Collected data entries

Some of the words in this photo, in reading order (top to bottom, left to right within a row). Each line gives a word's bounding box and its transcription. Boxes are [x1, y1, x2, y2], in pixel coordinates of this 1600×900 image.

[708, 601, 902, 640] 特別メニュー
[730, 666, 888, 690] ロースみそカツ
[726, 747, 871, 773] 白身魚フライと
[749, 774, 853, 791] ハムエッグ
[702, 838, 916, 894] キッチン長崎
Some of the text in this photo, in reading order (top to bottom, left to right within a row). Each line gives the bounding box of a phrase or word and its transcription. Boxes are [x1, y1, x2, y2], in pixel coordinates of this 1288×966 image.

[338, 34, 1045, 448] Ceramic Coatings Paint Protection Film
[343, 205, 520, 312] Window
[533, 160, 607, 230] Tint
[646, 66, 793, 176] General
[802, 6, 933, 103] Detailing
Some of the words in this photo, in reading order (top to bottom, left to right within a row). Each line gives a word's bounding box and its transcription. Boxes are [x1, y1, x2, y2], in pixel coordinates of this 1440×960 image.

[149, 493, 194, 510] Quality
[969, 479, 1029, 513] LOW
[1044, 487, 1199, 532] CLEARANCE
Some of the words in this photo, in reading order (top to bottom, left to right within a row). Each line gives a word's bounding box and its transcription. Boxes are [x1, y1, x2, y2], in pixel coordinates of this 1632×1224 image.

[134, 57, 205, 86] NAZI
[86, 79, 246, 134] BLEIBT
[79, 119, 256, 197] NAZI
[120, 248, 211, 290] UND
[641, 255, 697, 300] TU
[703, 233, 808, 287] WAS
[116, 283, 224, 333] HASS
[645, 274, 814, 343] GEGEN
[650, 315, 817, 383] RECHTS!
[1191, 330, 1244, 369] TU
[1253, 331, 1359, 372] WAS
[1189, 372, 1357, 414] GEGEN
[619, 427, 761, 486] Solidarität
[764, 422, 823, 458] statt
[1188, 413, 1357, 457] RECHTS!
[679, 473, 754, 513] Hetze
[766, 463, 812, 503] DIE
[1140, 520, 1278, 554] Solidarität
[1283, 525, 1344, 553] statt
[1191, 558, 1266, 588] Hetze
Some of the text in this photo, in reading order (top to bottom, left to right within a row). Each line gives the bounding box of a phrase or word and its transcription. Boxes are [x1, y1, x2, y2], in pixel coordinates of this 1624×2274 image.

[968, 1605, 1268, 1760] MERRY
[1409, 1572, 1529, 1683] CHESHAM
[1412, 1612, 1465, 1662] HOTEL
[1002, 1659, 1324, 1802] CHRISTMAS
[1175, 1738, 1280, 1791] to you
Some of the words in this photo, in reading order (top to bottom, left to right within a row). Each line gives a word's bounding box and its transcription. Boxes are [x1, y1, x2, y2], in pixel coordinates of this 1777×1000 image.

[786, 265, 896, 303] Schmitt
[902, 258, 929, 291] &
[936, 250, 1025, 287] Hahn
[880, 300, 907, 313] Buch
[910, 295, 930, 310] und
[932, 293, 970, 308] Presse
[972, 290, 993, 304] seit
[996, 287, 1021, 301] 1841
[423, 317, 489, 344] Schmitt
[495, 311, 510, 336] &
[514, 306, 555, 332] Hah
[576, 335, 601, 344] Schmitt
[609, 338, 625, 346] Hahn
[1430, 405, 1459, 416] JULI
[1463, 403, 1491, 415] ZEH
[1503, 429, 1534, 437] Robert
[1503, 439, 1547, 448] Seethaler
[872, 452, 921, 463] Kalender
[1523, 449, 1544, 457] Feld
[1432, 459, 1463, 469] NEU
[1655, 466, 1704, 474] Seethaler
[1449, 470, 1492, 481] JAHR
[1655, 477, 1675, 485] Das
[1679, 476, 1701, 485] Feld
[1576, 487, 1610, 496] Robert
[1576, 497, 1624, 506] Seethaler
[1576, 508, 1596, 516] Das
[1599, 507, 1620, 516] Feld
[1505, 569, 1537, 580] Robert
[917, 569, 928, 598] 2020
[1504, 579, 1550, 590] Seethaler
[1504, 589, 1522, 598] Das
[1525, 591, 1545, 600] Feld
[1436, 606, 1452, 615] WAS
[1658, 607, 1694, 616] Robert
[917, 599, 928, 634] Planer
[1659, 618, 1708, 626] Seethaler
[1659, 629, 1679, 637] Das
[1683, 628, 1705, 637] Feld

__What the task requires__. Retype each line of the data exactly as it reads.

__Problem solution__.
Some of the words in this photo, in reading order (top to bottom, left to right within a row). Each line gives a word's bounding box and its transcription. Boxes are [x1, y1, x2, y2], in pixel coordinates of this 1600×900 image.

[708, 601, 902, 640] 特別メニュー
[730, 666, 888, 690] ロースみそカツ
[726, 747, 871, 773] 白身魚フライと
[749, 774, 853, 791] ハムエッグ
[702, 838, 916, 894] キッチン長崎
Some of the text in this photo, in reading order (top to bottom, left to right within a row). Each line gives the bounding box of a phrase or word and its transcription. Boxes are [x1, y1, x2, y2], in pixel coordinates of this 1288×966 image.

[338, 34, 1045, 448] Ceramic Coatings Paint Protection Film
[343, 205, 520, 312] Window
[533, 160, 607, 230] Tint
[646, 66, 793, 176] General
[802, 6, 933, 103] Detailing
Some of the words in this photo, in reading order (top to bottom, left to right within a row). Each line gives a word's bounding box and its transcription. Boxes are [x1, y1, x2, y2], in pixel coordinates of this 1440×960 image.

[149, 493, 194, 510] Quality
[969, 479, 1029, 513] LOW
[1044, 487, 1199, 532] CLEARANCE
Some of the words in this photo, in reading order (top to bottom, left to right within a row). Each line gives a word's bounding box and its transcription. Boxes are [x1, y1, x2, y2], in pixel coordinates of this 1632×1224 image.

[134, 57, 205, 86] NAZI
[86, 79, 246, 134] BLEIBT
[79, 119, 256, 197] NAZI
[120, 248, 211, 290] UND
[641, 255, 697, 300] TU
[703, 233, 808, 287] WAS
[116, 283, 224, 333] HASS
[645, 274, 814, 343] GEGEN
[650, 315, 817, 383] RECHTS!
[1191, 330, 1244, 369] TU
[1253, 331, 1359, 372] WAS
[1189, 372, 1357, 414] GEGEN
[619, 427, 761, 486] Solidarität
[764, 422, 823, 458] statt
[1188, 413, 1357, 457] RECHTS!
[679, 473, 754, 513] Hetze
[766, 463, 812, 503] DIE
[1140, 520, 1278, 554] Solidarität
[1283, 525, 1344, 553] statt
[1191, 558, 1266, 588] Hetze
Some of the text in this photo, in reading order (top to bottom, left to right within a row). Each line gives the bounding box of a phrase or word and its transcription. Boxes are [x1, y1, x2, y2], in pixel coordinates of this 1624×2274 image.

[968, 1605, 1268, 1760] MERRY
[1409, 1572, 1529, 1683] CHESHAM
[1412, 1612, 1465, 1662] HOTEL
[1002, 1659, 1324, 1802] CHRISTMAS
[1175, 1738, 1280, 1791] to you
Some of the words in this photo, in reading order (top to bottom, left to right within a row). Each line gives a word's bounding box and its transcription. Boxes are [x1, y1, x2, y2], in pixel coordinates of this 1777×1000 image.

[786, 265, 896, 303] Schmitt
[902, 258, 929, 291] &
[936, 250, 1025, 287] Hahn
[880, 300, 907, 313] Buch
[910, 295, 930, 310] und
[932, 293, 970, 308] Presse
[972, 290, 993, 304] seit
[996, 287, 1021, 301] 1841
[423, 317, 489, 344] Schmitt
[495, 311, 510, 336] &
[514, 306, 555, 332] Hah
[576, 335, 601, 344] Schmitt
[609, 338, 625, 346] Hahn
[1430, 405, 1459, 416] JULI
[1463, 403, 1491, 415] ZEH
[1503, 429, 1534, 437] Robert
[1503, 439, 1547, 448] Seethaler
[872, 452, 921, 463] Kalender
[1523, 449, 1544, 457] Feld
[1432, 459, 1463, 469] NEU
[1655, 466, 1704, 474] Seethaler
[1449, 470, 1492, 481] JAHR
[1655, 477, 1675, 485] Das
[1679, 476, 1701, 485] Feld
[1576, 487, 1610, 496] Robert
[1576, 497, 1624, 506] Seethaler
[1576, 508, 1596, 516] Das
[1599, 507, 1620, 516] Feld
[1505, 569, 1537, 580] Robert
[917, 569, 928, 598] 2020
[1504, 579, 1550, 590] Seethaler
[1504, 589, 1522, 598] Das
[1525, 591, 1545, 600] Feld
[1436, 606, 1452, 615] WAS
[1658, 607, 1694, 616] Robert
[917, 599, 928, 634] Planer
[1659, 618, 1708, 626] Seethaler
[1659, 629, 1679, 637] Das
[1683, 628, 1705, 637] Feld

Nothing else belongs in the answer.